Os dados são do Boletim de Assistência ao Enfrentamento da Covid-19, emitido pela Secretaria de Estado de Saúde (Sesacre). O boletim mostra a ocupação de leitos do Sistema Único de Saúde (SUS), por especialidade do leito e por regional.

Segundo dados oficiais, das 126 internações em leitos do SUS, 80 testaram positivo para Covid-19, ou seja, a maioria das pessoas que buscam atendimento médico foram infectadas pelo vírus.

Na região do Baixo Acre, que engloba as cidades de Rio Branco, Sena Madureira, Plácido de Castro e Acrelândia, das 70 Unidades de Tratamento Intensivo (UTI), 27 estão ocupadas registrando uma taxa de ocupação de 38,6%.
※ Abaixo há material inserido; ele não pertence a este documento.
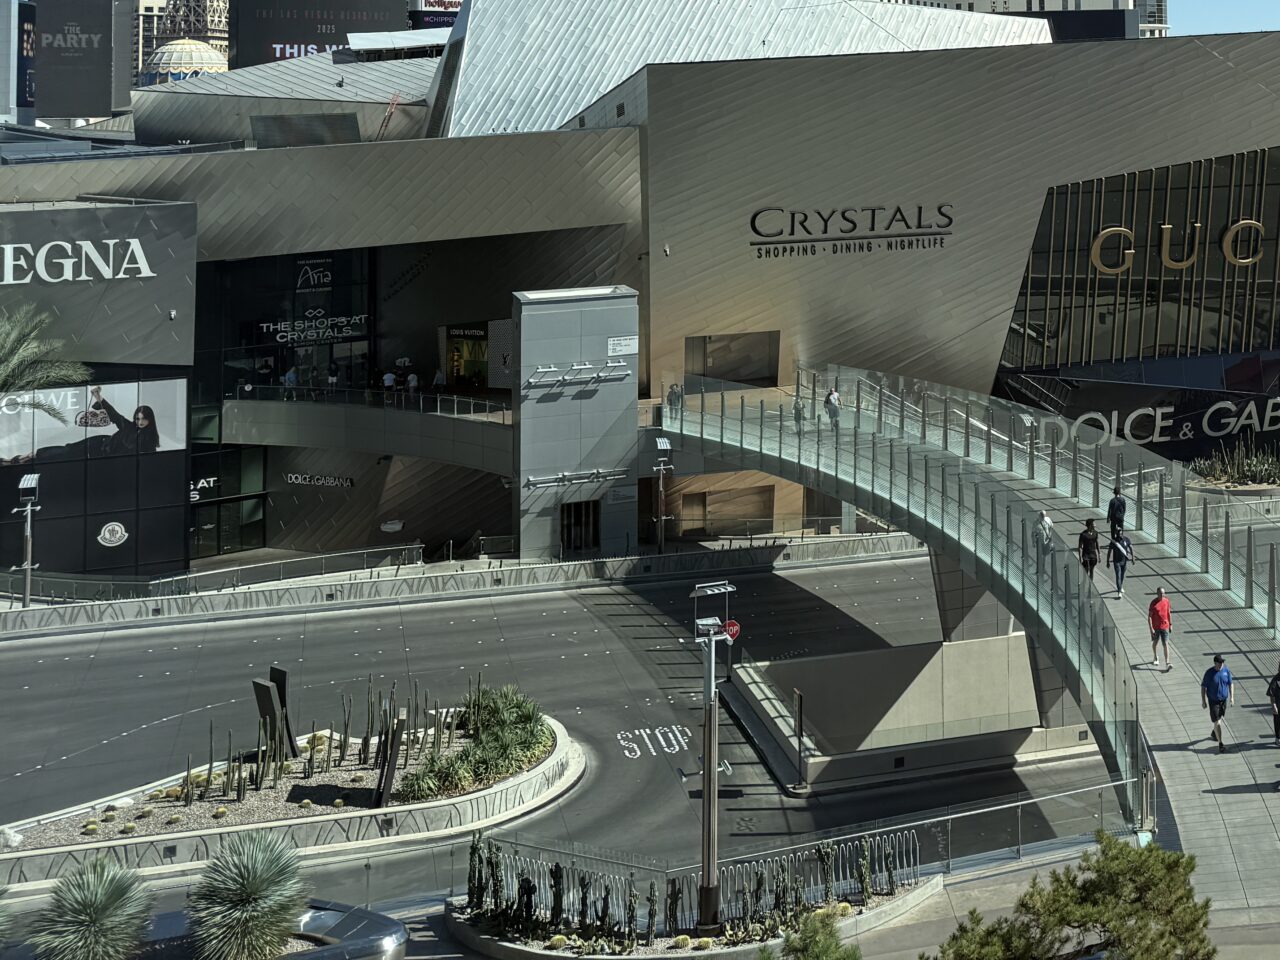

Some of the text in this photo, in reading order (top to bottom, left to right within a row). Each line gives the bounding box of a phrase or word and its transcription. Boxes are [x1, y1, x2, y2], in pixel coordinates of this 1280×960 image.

[316, 24, 336, 33] 2025
[41, 33, 103, 48] PARTY
[272, 44, 318, 57] THIS
[757, 237, 945, 258] SHOPPING DINING NIGHTLIFE
[0, 239, 157, 285] EGNA
[297, 265, 332, 288] Aria
[259, 314, 368, 332] THE SHOPS AT
[276, 327, 353, 343] CRYSTALS
[0, 391, 80, 415] OEWE
[1039, 405, 1175, 451] DOLCE
[1178, 422, 1195, 440] &
[287, 473, 311, 485] DOLCE
[315, 476, 351, 487] GABBANA
[617, 725, 692, 758] STOP
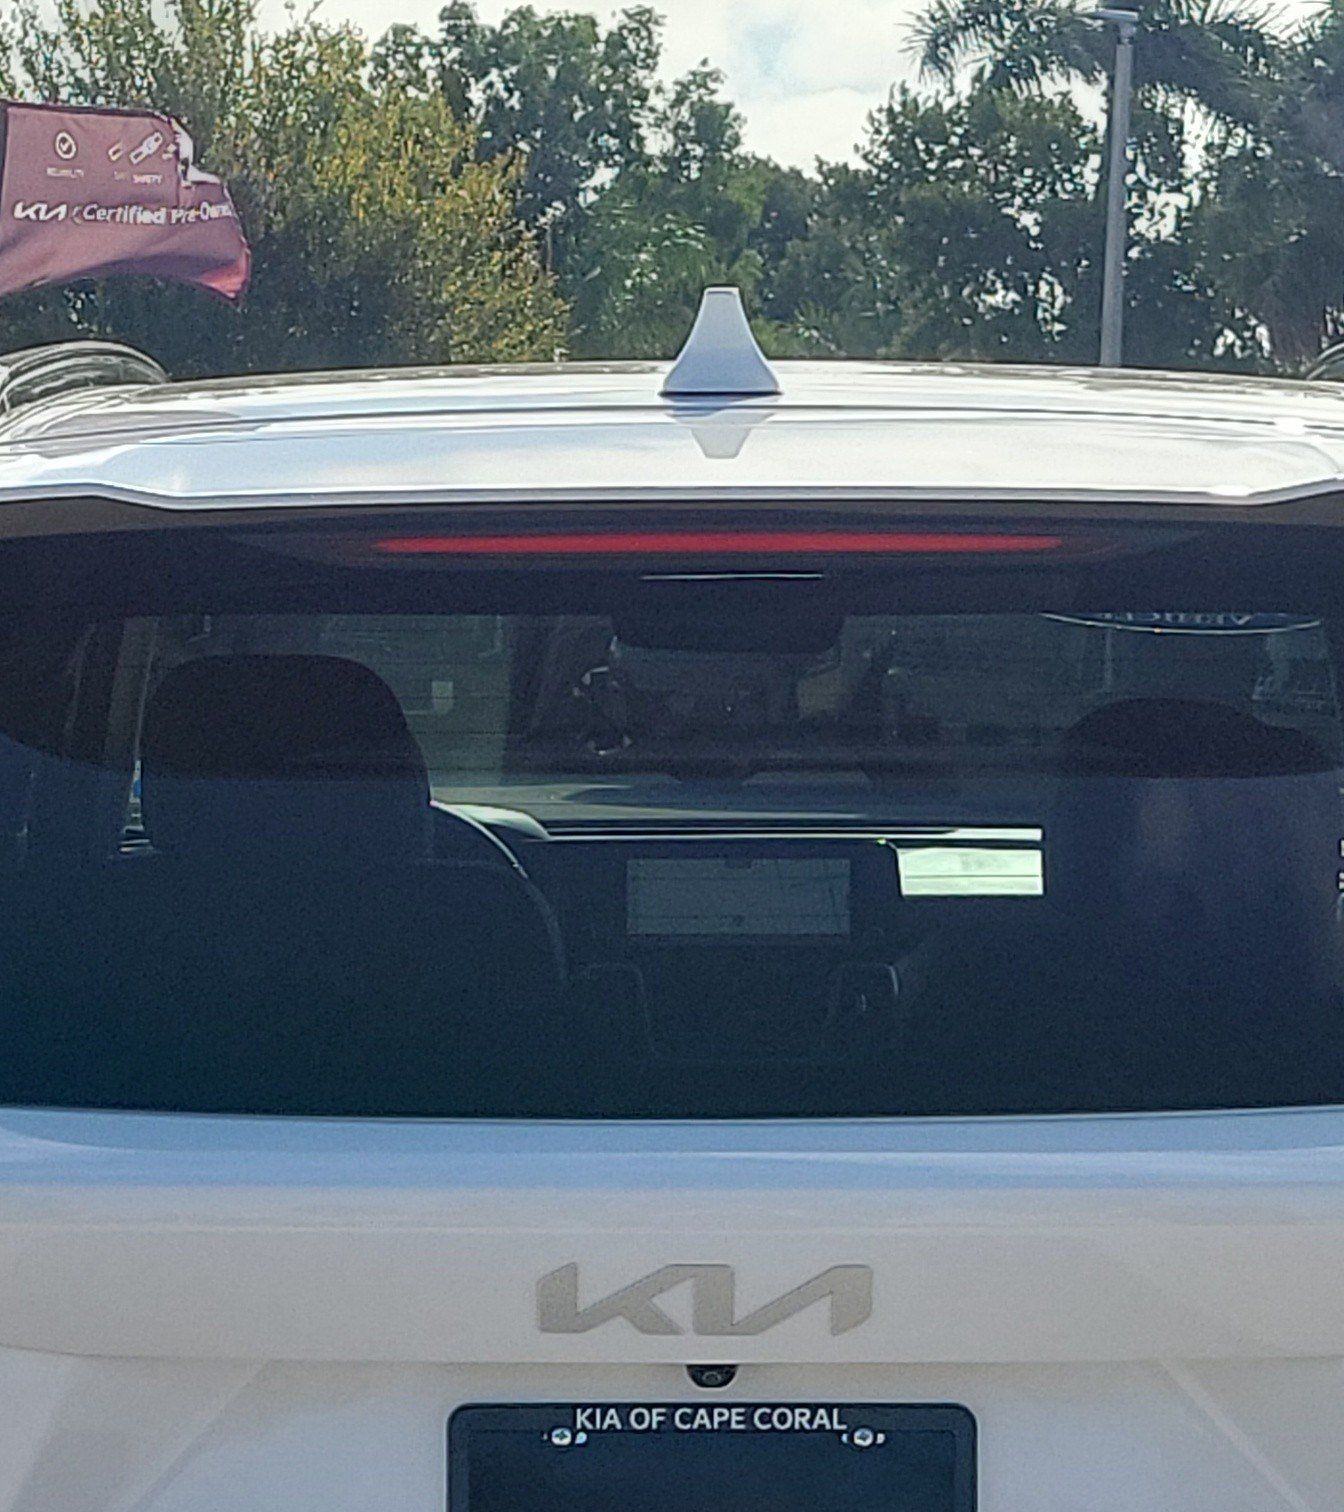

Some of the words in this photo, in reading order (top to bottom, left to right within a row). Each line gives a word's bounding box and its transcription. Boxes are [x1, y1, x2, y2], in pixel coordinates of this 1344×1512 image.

[83, 202, 167, 225] Certified
[535, 1262, 874, 1336] KIA
[577, 1408, 622, 1430] KIA
[629, 1408, 666, 1430] OF
[674, 1408, 746, 1430] CAPE
[753, 1407, 847, 1431] CORAL
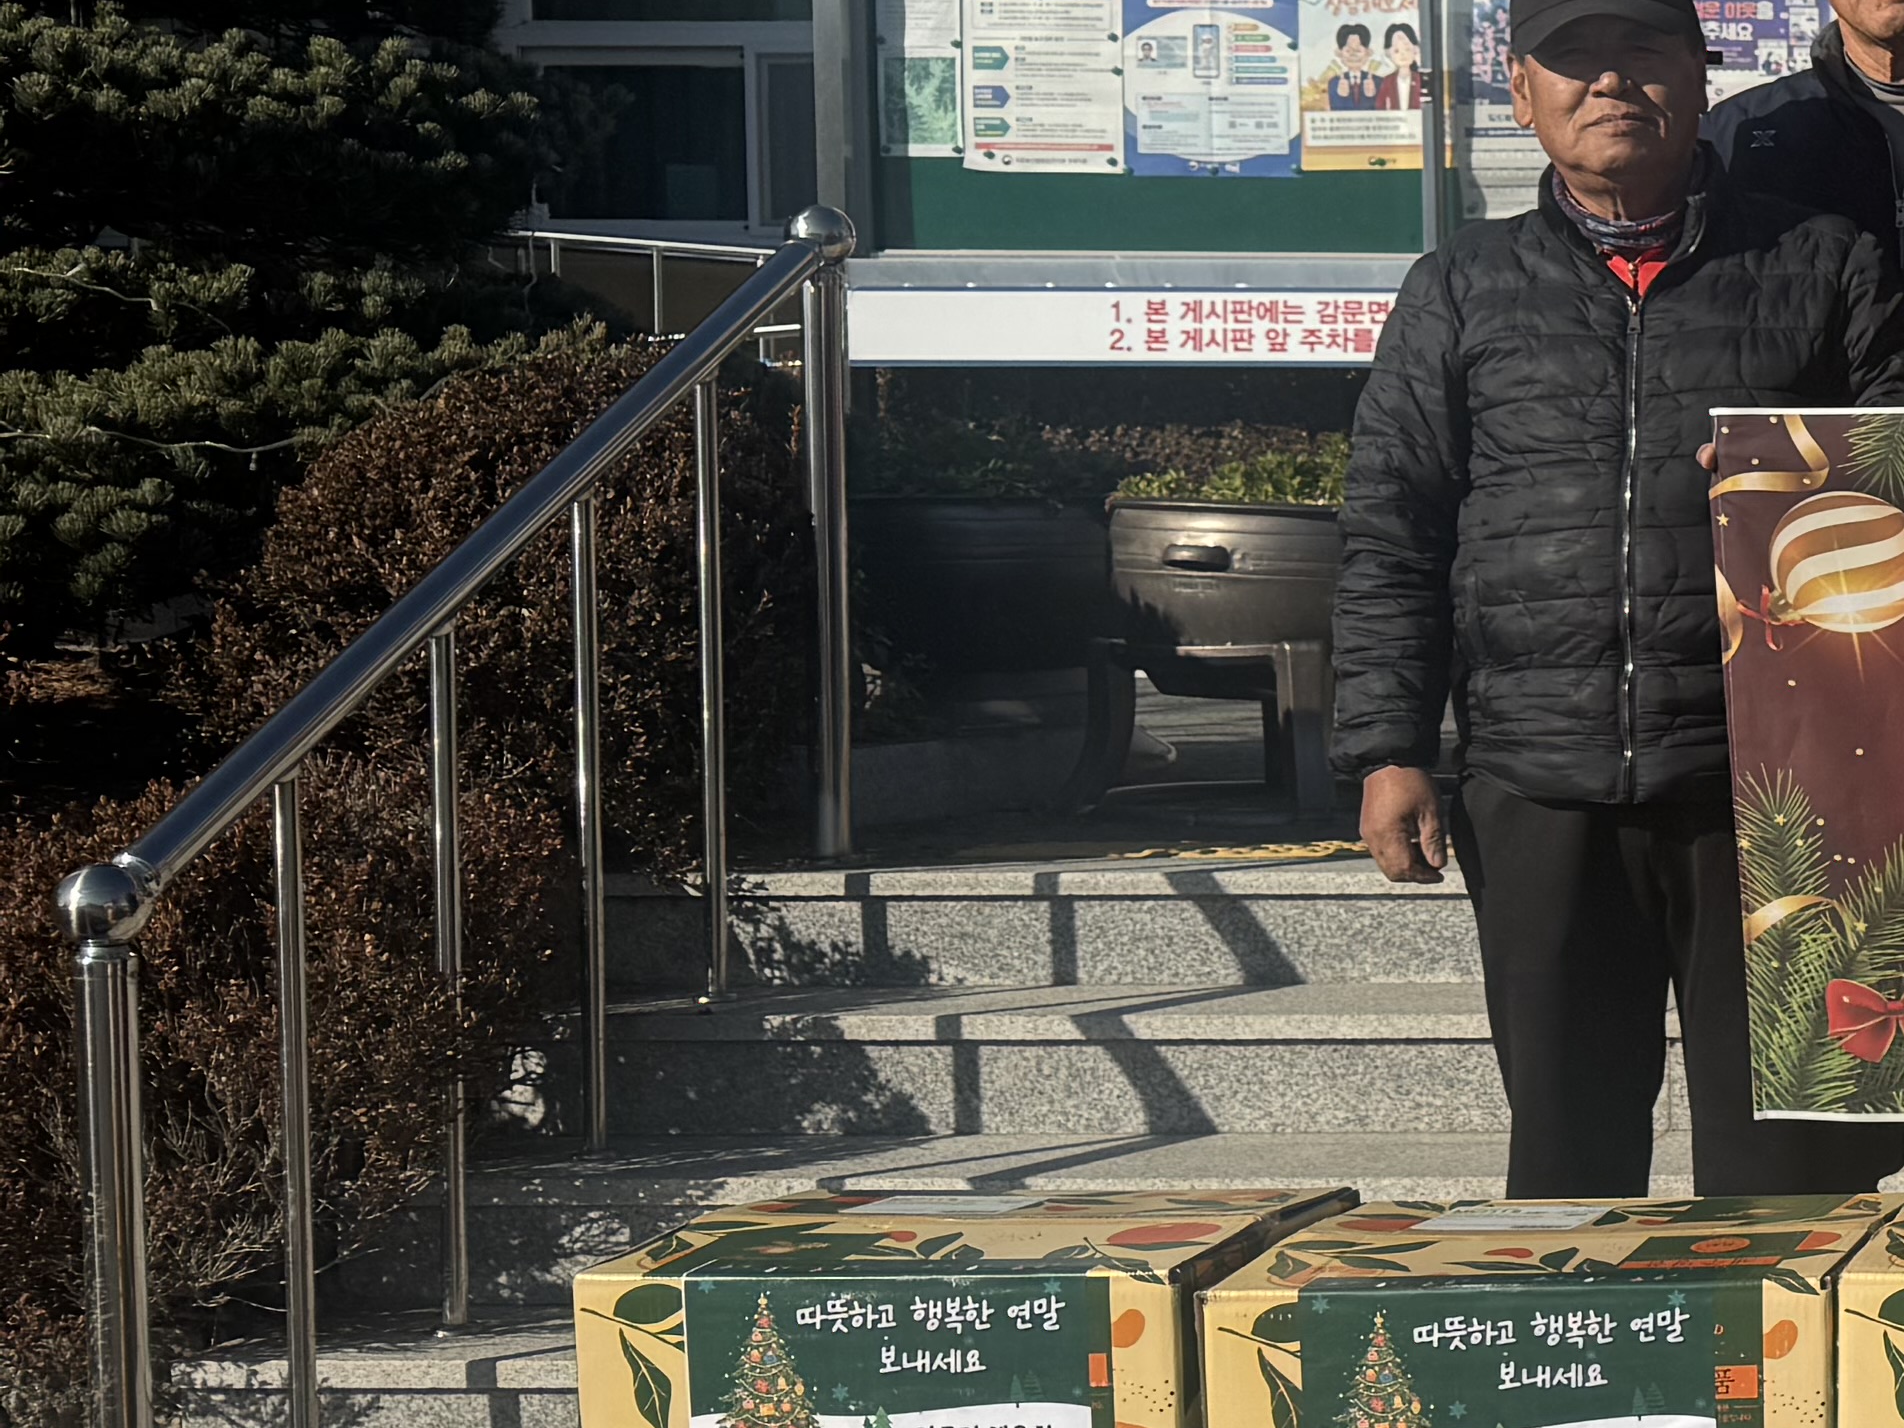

A menor taxa de ocupação está na região do Juruá, que engloba Cruzeiro do Sul, Tarauacá e Marechal Thaumaturgo, dos 20 leitos de UTI existentes, nenhum está ocupado, registrando 0% de ocupação. Os leitos clínicos somam 95 e 23 estão ocupados, registrando 24,2% de ocupação.

Já regional do Alto Acre, que engloba as cidades de Brasileia e Epitaciolândia, não há registro de uma ocupação de leitos de enfermaria num total de 19 leitos disponíveis. A regional do Alto Acre é a única que não tem leitos de UTI para a Covid-19.